▶ _Provided data_
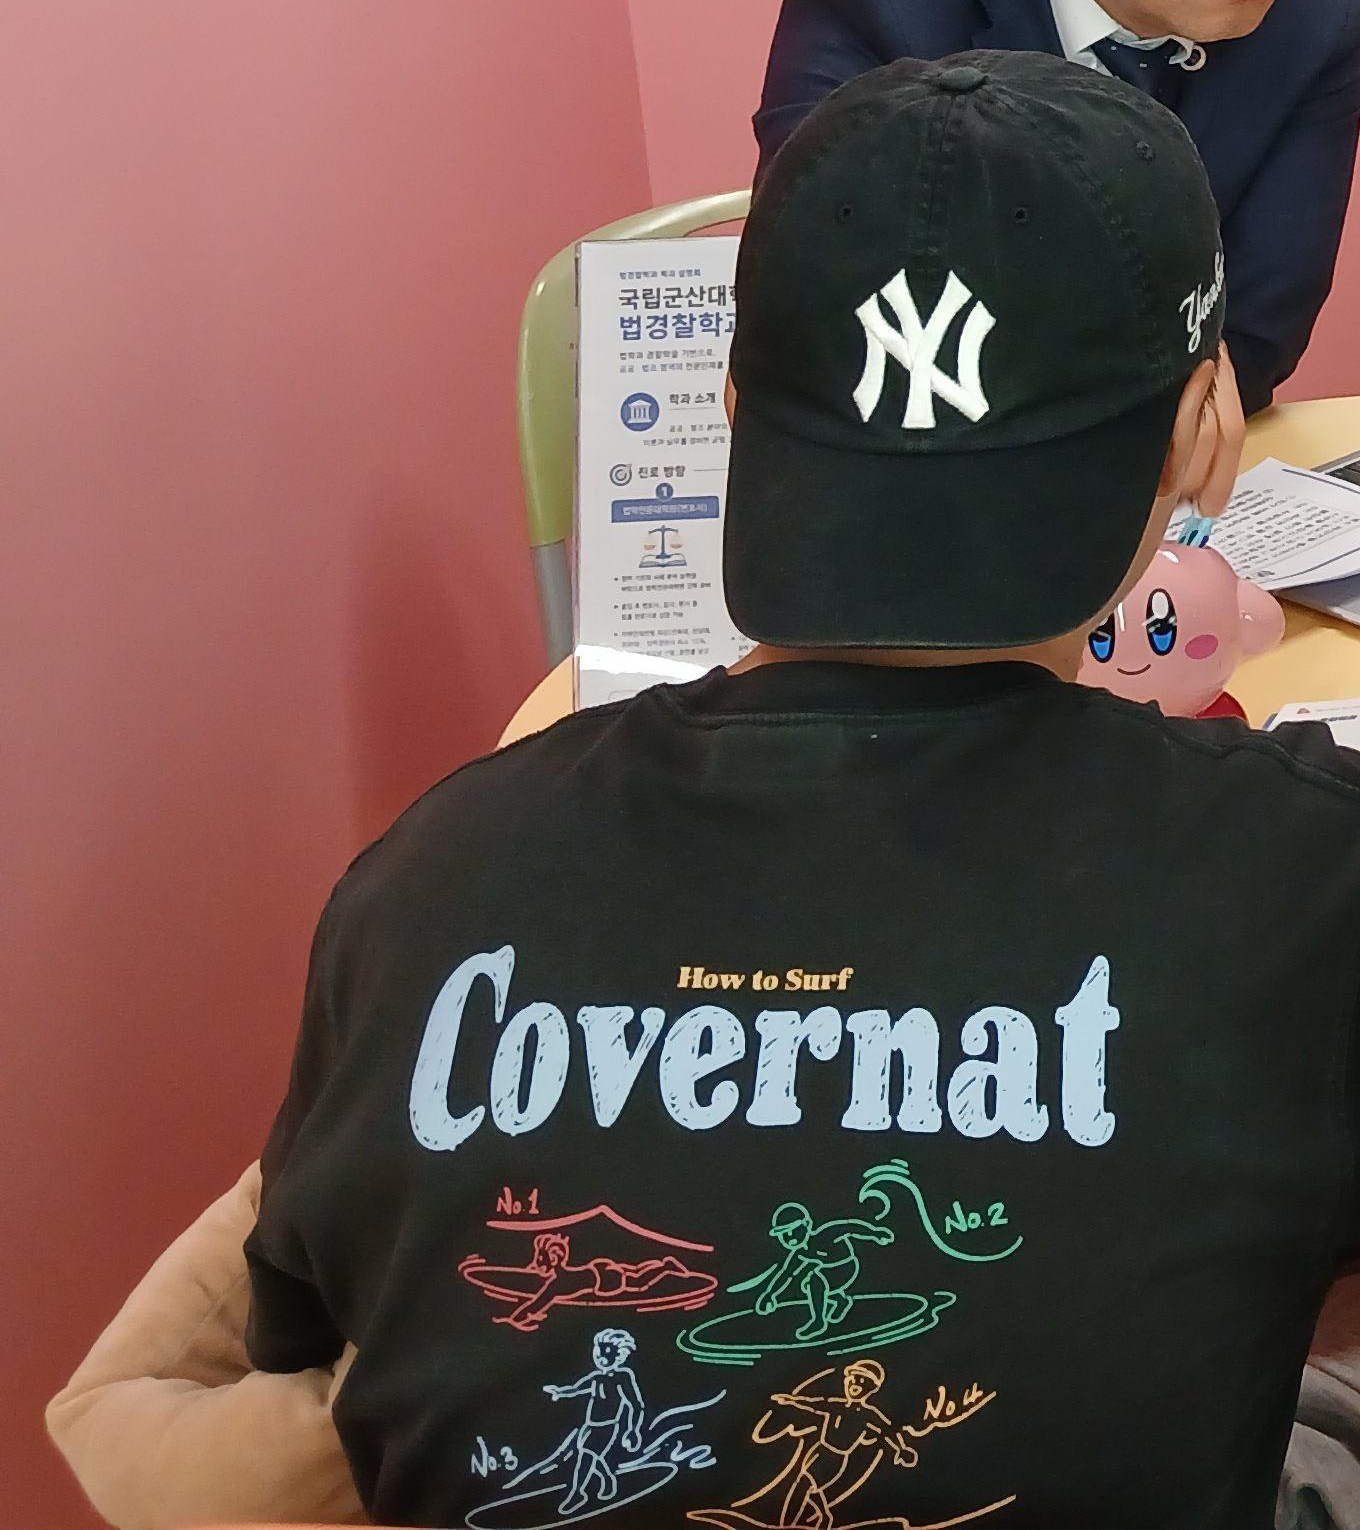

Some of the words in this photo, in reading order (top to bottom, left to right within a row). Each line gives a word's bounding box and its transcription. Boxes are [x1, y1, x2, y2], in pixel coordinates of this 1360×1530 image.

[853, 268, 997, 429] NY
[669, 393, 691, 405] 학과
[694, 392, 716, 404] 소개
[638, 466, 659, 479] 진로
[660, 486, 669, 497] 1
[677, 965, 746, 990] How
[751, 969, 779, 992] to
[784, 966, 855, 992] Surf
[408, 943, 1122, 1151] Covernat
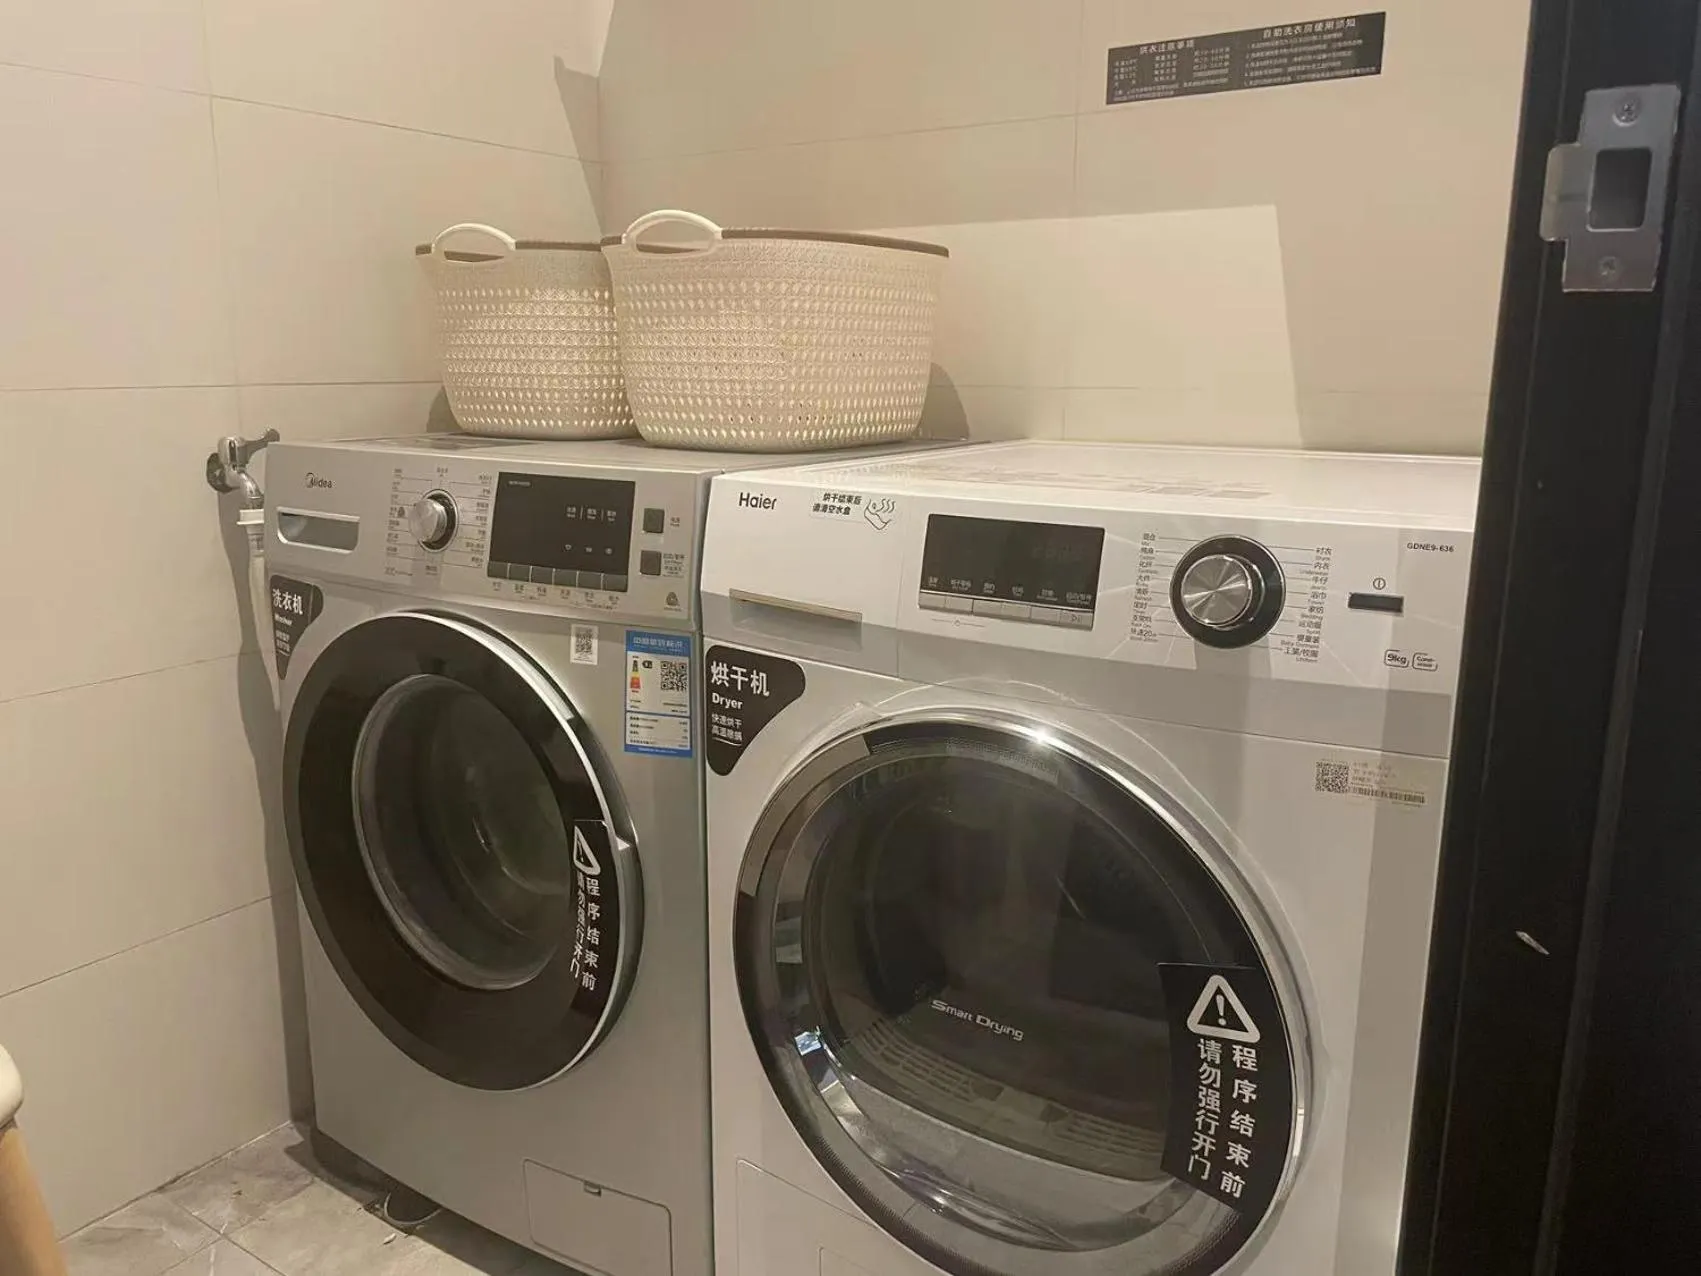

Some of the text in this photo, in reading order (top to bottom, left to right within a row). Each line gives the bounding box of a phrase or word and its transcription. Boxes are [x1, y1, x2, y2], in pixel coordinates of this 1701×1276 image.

▶ _Task objective_
All the records need to be set down word for word, with the images left out.

▶ _Problem solution_
Some of the words in this photo, in reading order (top to bottom, left to right within a row). Each line gives a word's bounding box and its transcription. Boxes are [x1, y1, x2, y2], in pixel coordinates of this 1360×1530 image.

[853, 268, 997, 429] NY
[669, 393, 691, 405] 학과
[694, 392, 716, 404] 소개
[638, 466, 659, 479] 진로
[660, 486, 669, 497] 1
[677, 965, 746, 990] How
[751, 969, 779, 992] to
[784, 966, 855, 992] Surf
[408, 943, 1122, 1151] Covernat

Some of the text in this photo, in reading order (top to bottom, left to right within a row). Each line gives the bounding box of a phrase or word and its transcription. Boxes are [x1, y1, x2, y2], in pixel coordinates of this 1701×1276 image.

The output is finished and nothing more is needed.